QED

Desecration on the Derwent: Vandalism Billed as Art

Vitalist, unscrupulously optimistic cultures, cruel, bigoted and superstitious, all detest the grace-saving presence of the statue in their midst. — Alexander ‘Sandy’ Stoddart, the Queen’s Sculptor in Ordinary in Scotland

A statue is an embassy of the dead among the living; a conduit for communion between the dead, the living, and those yet to be born. Yet the urge to smash these sentinels of the past has always lurked within us, and a certain type of brutal and temporal person will never pass-up the opportunity to smash a sandcastle, blow up the Buddhas of Bamyan, or chisel a cross into the forehead of the Aphrodite of the Agora at Athens.

This ancient practice has been resurrected during the recent Black Lives Matter conflagrations, which lit a global bonfire of the vanities in response to the killing of a man in Minnesota.

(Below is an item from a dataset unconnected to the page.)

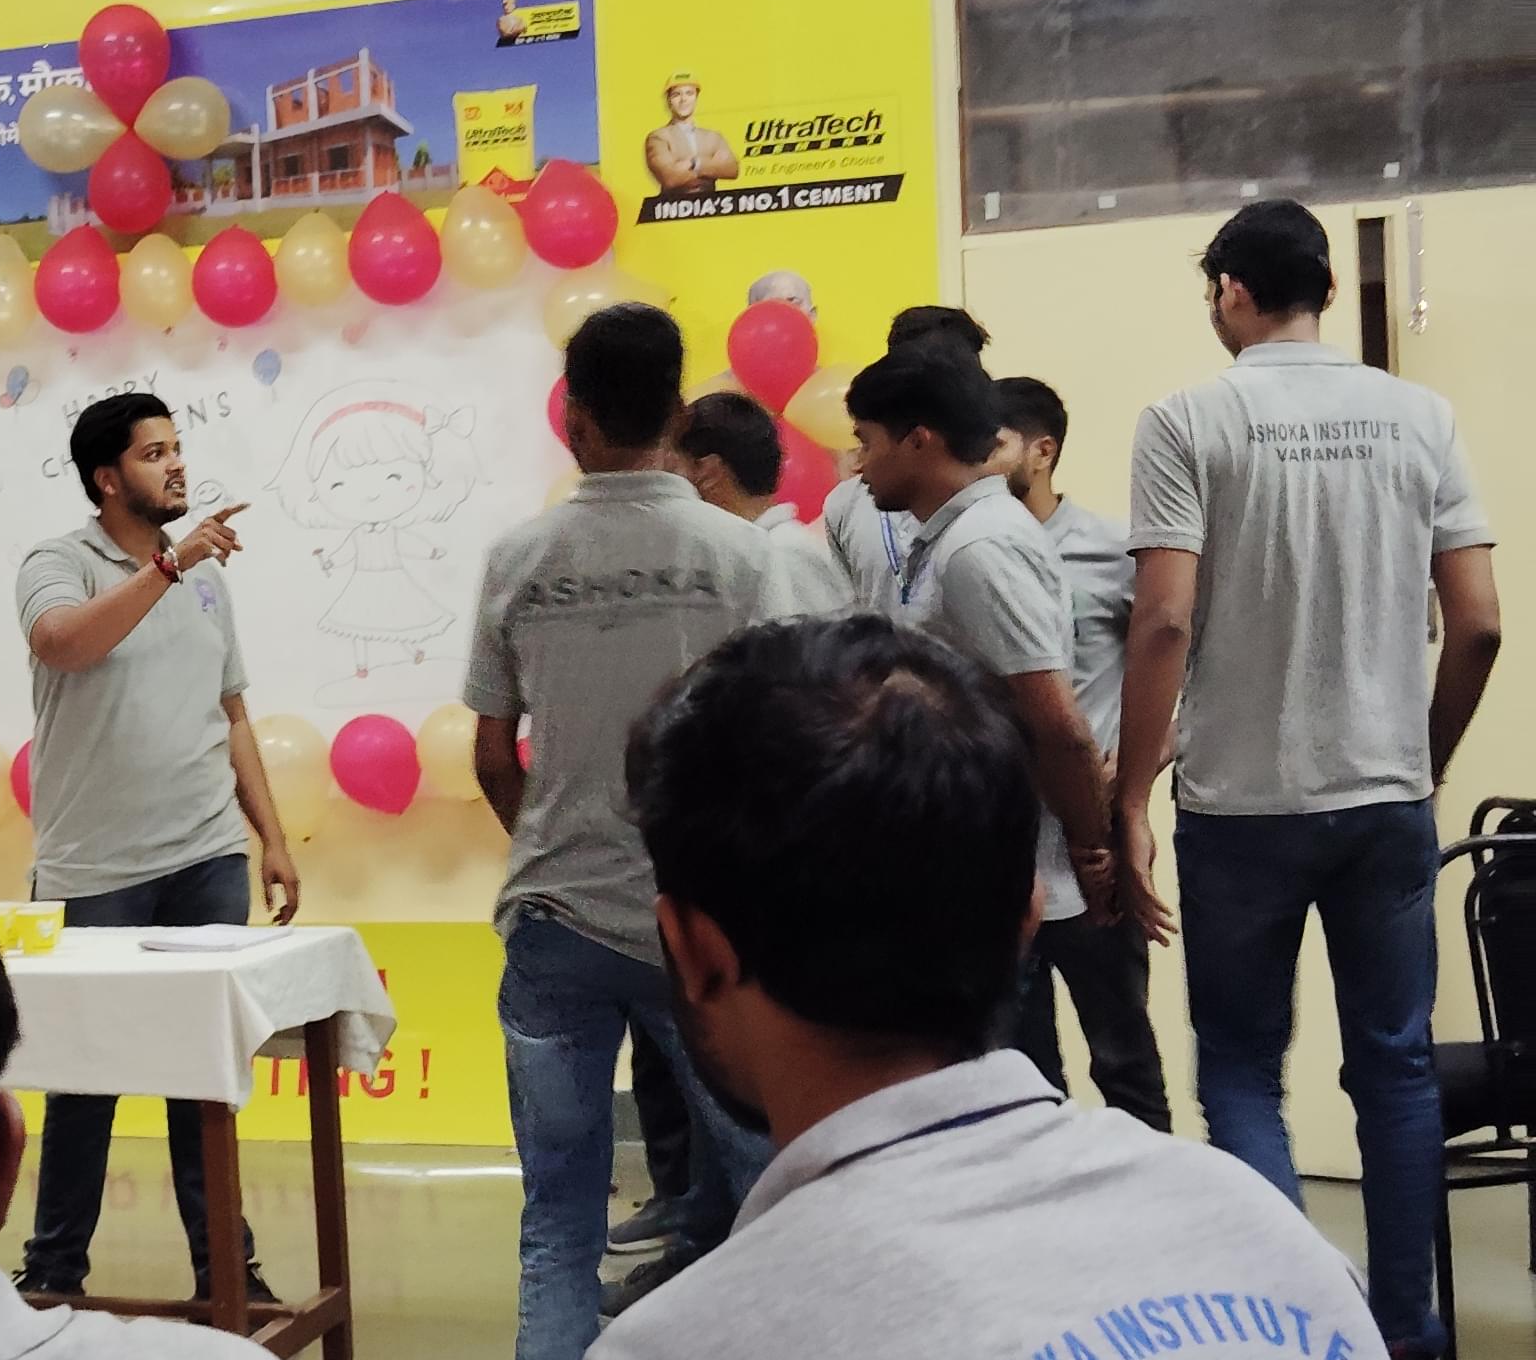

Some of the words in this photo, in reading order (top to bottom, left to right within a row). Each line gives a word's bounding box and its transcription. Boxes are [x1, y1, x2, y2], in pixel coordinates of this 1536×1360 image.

While hooting mobs brandishing iPhones tear down monuments in countries as far apart as Belgium and Barbados, Australia, too, is anxious not to be left behind. In typical Antipodean style, our cringing cultural commissars are experiencing massive FOMO on all the statue-smashing, monument-mashing and cenotaph-scribbling that is going on in those cooler and more vibrant places across the pond and have come up with their own racial grievance-grenades to hurl at our own heritage.

As part of the City of Hobart’s ‘Aboriginal Commitment and Action Plan’, the statue of former Premier and statesman of Tasmania, William Crowther (1817-1885, right), which stands in Franklin Square, will be “reinterpreted” four times this year in what Lord Mayor Anna Reynolds repeatedly describes as a “conversation” to “promote awareness, discussion and empathy”.

The first of these reinterpretations has just been completed by local artist Allan Mansell, who was commissioned by the city authorities to vandalise Crowther’s statue by pouring fake blood over Crowther’s face and hands, in which he placed a saw and an aboriginal flag while festooning his plinth with defleshed cattle bones. This plinth now also bears a bright yellow plaque which condemns Crowther for his crimes of “VILE DISRESPECT” and “EMPTY, EGOTISTICAL, BASELESS AMBITION”, while rededicating the monument to William Lanne (left), the last Tasmanian Aboriginal man, whose head Crowther posthumously removed and sent to the Royal Society in London.

Even at the time, Crowther was suspended from Hobart General Hospital for his well-publicised role in this act of mutilation of Lanne’s corpse, which was a blight on an otherwise successful life of patronage and public service. Among other things, Crowther was a ship surgeon, a parliamentarian, an industrialist, a philanthropist who fought against convict transportation and a doctor who formed the Hobart Town Dispensary and Sick Poor Society, where for three shillings. a month the poor received all the medical attention they required.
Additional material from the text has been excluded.